Regions with significant populations
- Russia Dagestan 23,314;: 34,576
- Ukraine: 108
- Latvia: 25 or 33

Languages
- Aghul, Russian

Religion
- predominately Sunni Islam

Related ethnic groups
- Other Lezgic peoples

= Aghul people =

Ethnic group in Dagestan, Russia

Aghuls (агулар,) are a Northeast Caucasian ethnic group native predominantly to Agulsky district of Dagestan, partly on the plain and in cities (Dagestanskiye Ogni, Derbent, Makhachkala, etc.). According to the 2010 census, there were 34,160 Aghuls in Russia (7,000 in 1959). The Aghul language belongs to the Lezgic language family, a group of the Northeast Caucasian family. Ethnically, the Aghuls are close to the Lezgins. There are four groups of the Aghul people, who live in four different gorges: Aguldere, Kurakhdere, Khushandere, and Khpyukdere. Like their neighbors the Kaitags, the Aghuls were converted to Islam at a fairly early date, subsequent to the Arab conquest of the eighth century.

== Culture ==

As elsewhere in Daghestan, the Aghuls were divided into tukhums (clans), comprising twenty to forty households. Each tukhum had its own cemetery, pastures, and hay fields, and the members were bound by obligations of mutual support and defense.

Each Aghul village had a village council, on which each of the three or four tukhums were represented. The council was headed by an elder. The village mullah and qadi also played an important role in local affairs. In some cases the wealthier tukhums exerted a disproportionate strong influence on village government.

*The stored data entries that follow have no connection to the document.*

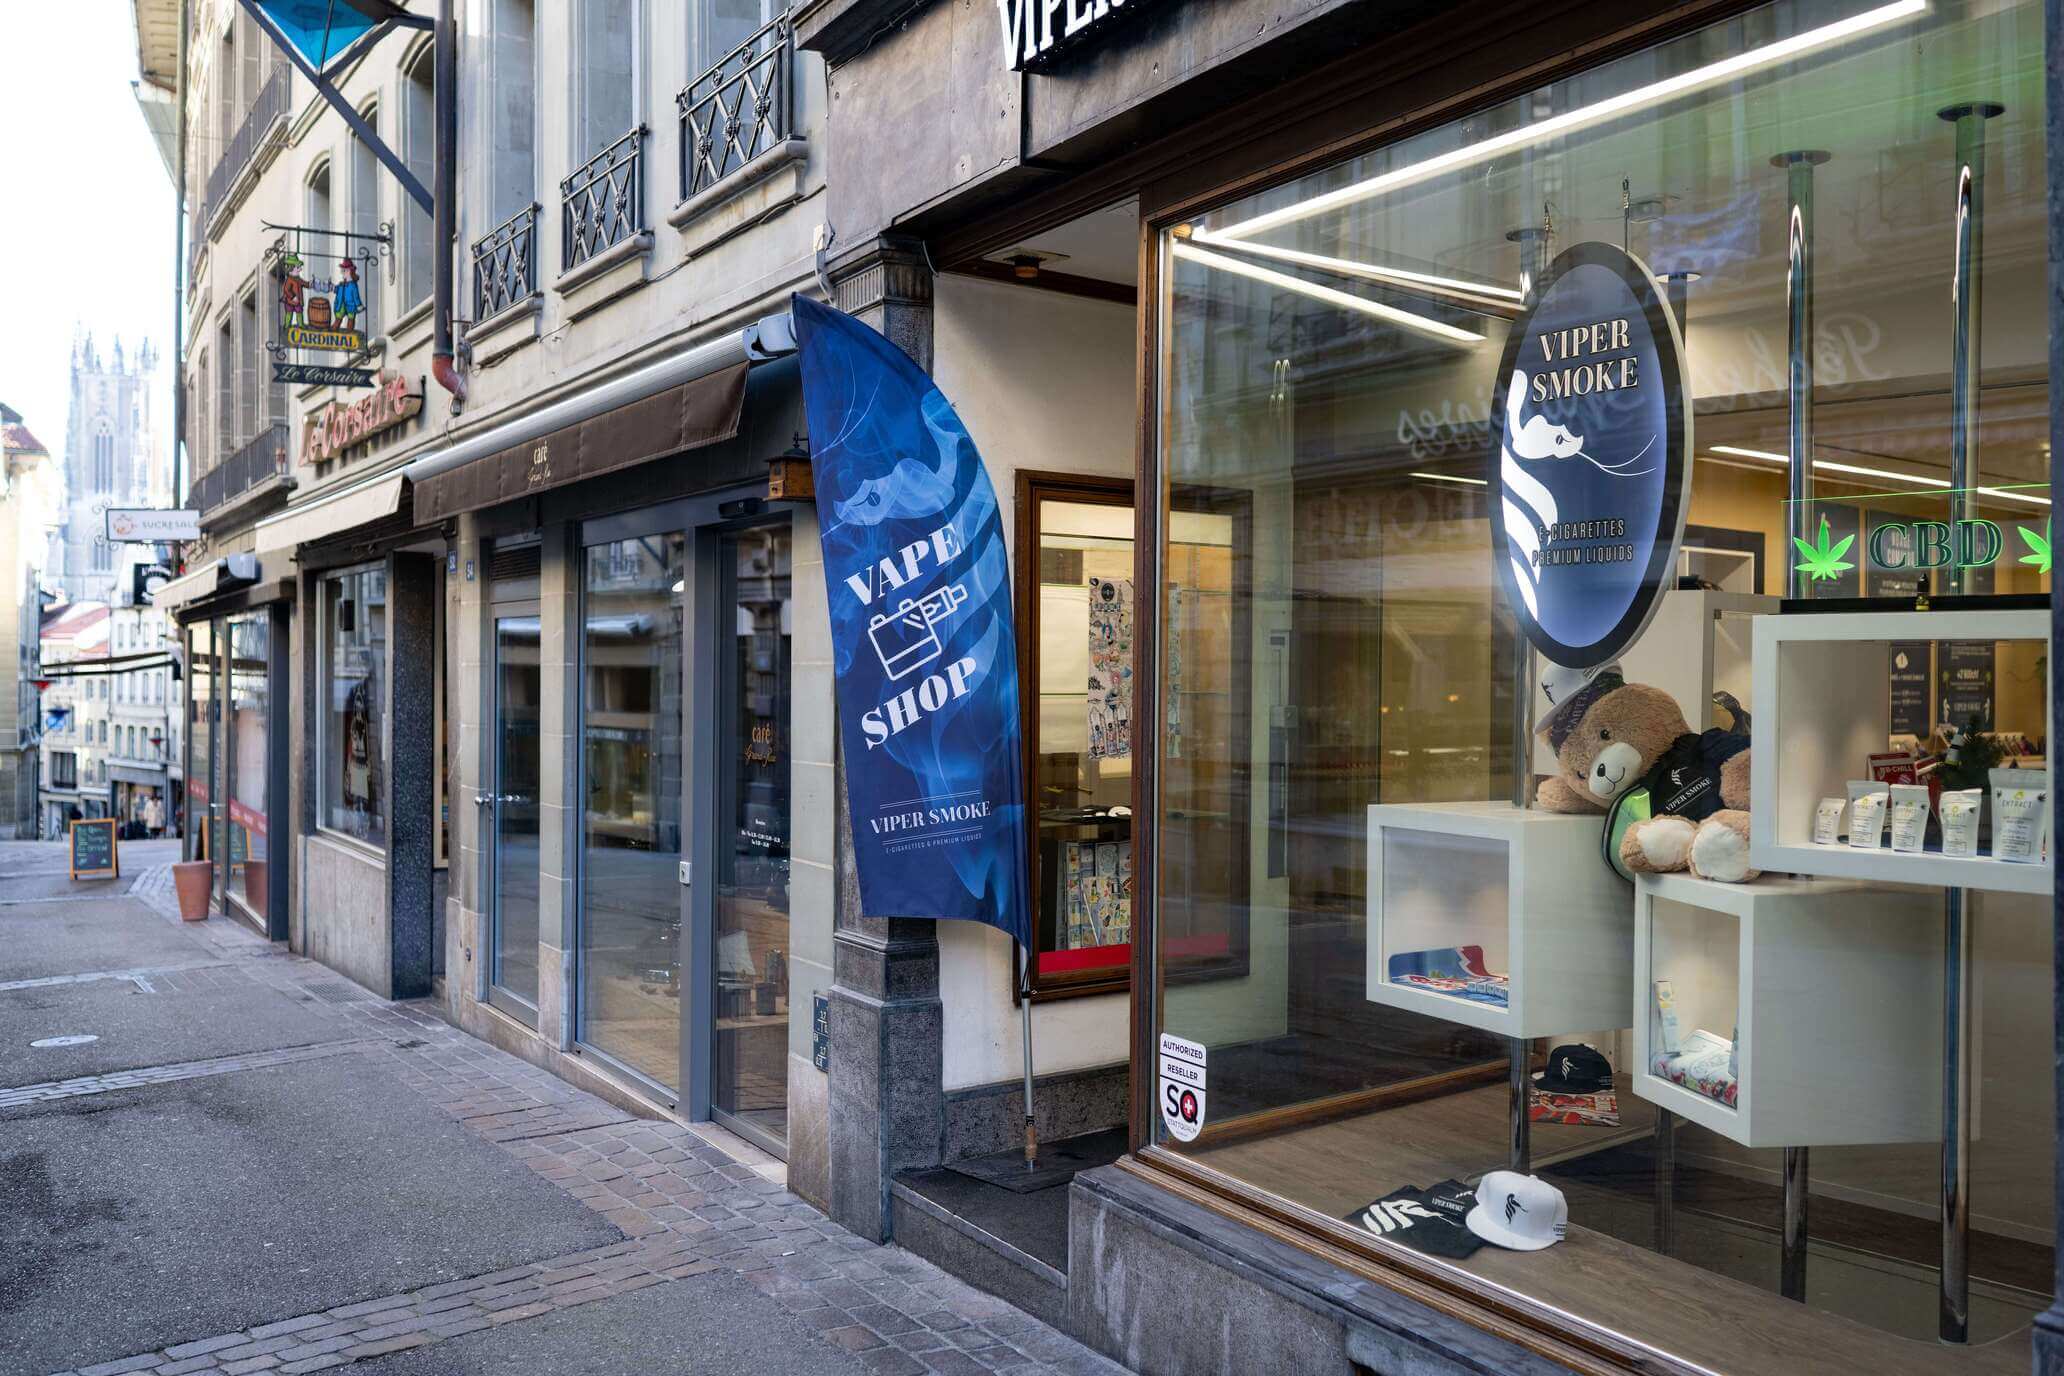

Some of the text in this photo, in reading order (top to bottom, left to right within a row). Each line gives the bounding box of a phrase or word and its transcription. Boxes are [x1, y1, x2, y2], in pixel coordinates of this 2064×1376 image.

[997, 0, 1125, 71] VIP
[289, 328, 357, 347] CARDINAL
[1538, 318, 1631, 363] VIPER
[281, 367, 366, 384] Le Corsaire
[1532, 356, 1640, 403] SMOKE
[298, 367, 409, 467] Le Corsaire
[1539, 520, 1625, 542] E-CIGARETTES
[1869, 519, 2004, 569] CBD
[844, 522, 964, 606] VAPE
[1532, 544, 1634, 567] PREMIUM LIQUIDS
[861, 656, 977, 750] SHOP
[1665, 777, 1713, 811] VIPER SMOKE
[870, 800, 992, 834] VIPER SMOKE
[1163, 1039, 1203, 1060] AUTHORIZED
[1167, 1064, 1199, 1081] RESELLER

The Aghuls tended to practice endogamy within the tukhum—marriages with outsiders were very rare. In the past the Aghuls lived in extended family households, though not especially large ones (fifteen to twenty members, on average). A senior male, father or eldest brother, functioned as chief, with fairly broad authority over the affairs of the household and its members. Should the extended family split up, sisters—even those who had already married and left the household—received a portion of the land as well as the movable property. They were each apportioned one-half of the land share given to each of their brothers, a practice that was unusually generous by Daghestanian standards.